╔══
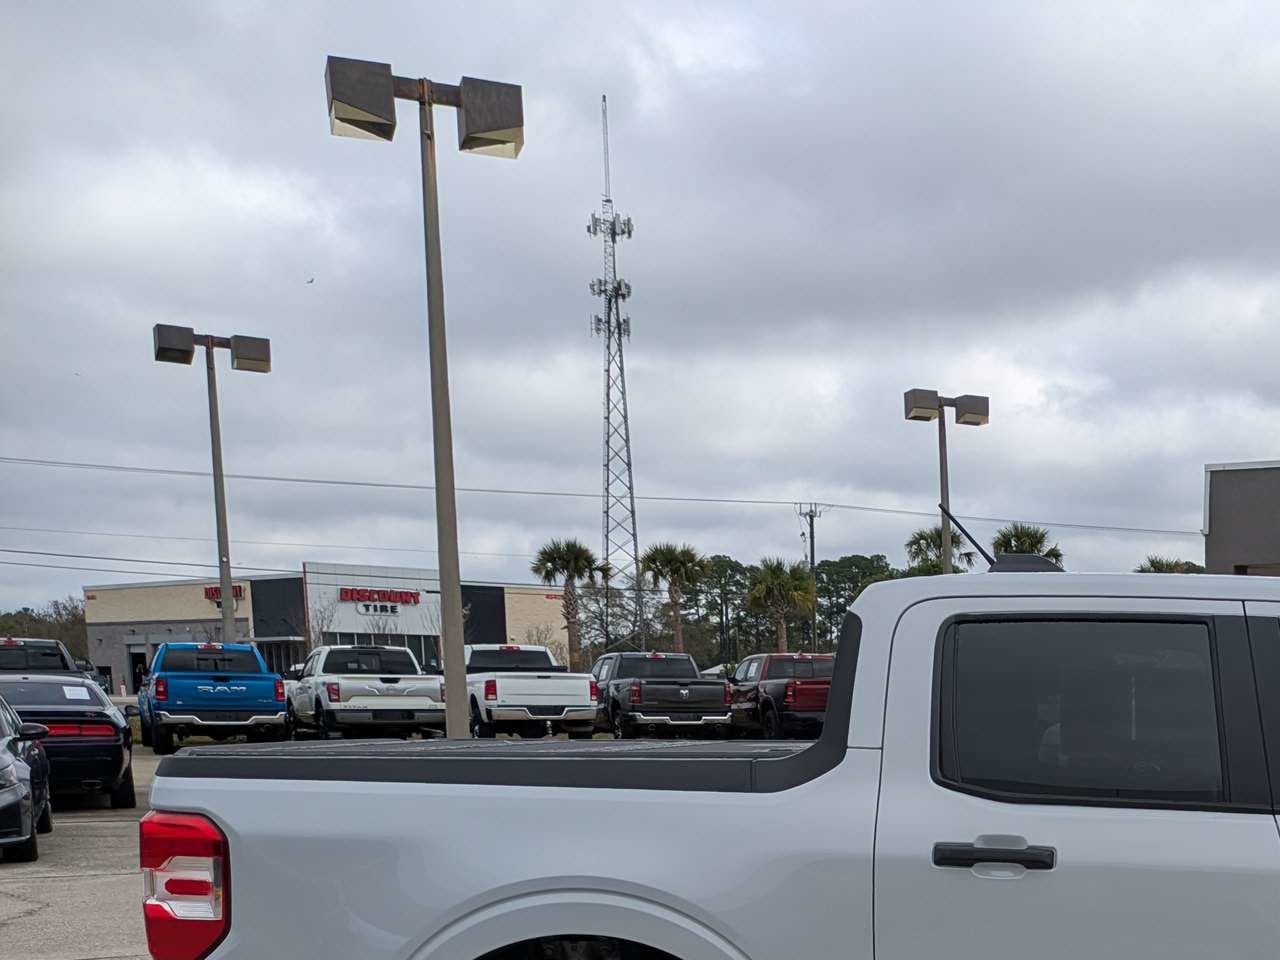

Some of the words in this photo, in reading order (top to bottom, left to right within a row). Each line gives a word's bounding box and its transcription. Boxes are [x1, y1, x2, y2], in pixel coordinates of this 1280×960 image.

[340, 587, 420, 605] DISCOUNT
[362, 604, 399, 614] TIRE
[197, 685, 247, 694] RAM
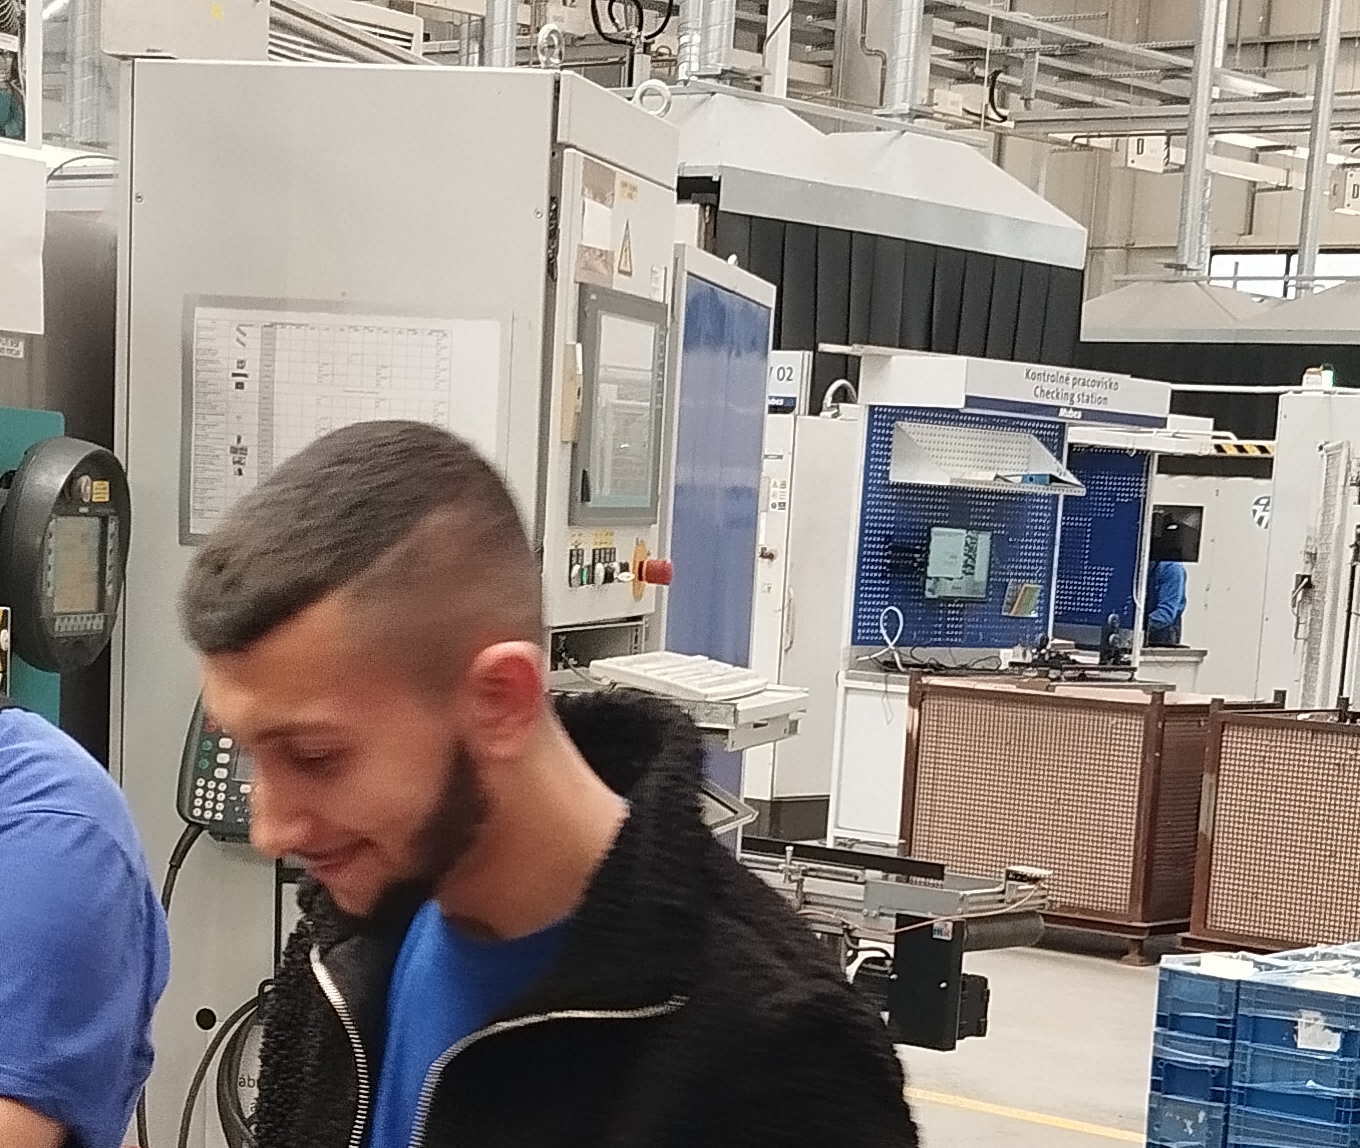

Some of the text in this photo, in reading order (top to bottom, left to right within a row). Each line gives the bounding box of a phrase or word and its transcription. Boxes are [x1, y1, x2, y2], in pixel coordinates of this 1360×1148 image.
╚══
Without the pictures, repeat every line of the material above exactly.

[Written answer]
Some of the words in this photo, in reading order (top to bottom, left to right within a row). Each line gives a word's bounding box and its transcription. Boxes are [x1, y1, x2, y2], in pixel coordinates of this 1280×960 image.

[340, 587, 420, 605] DISCOUNT
[362, 604, 399, 614] TIRE
[197, 685, 247, 694] RAM

Some of the text in this photo, in reading order (top to bottom, left to right within a row). Each line gives the bounding box of a phrase or word and its transcription. Boxes are [x1, y1, x2, y2], in pixel coordinates of this 1360×1148 image.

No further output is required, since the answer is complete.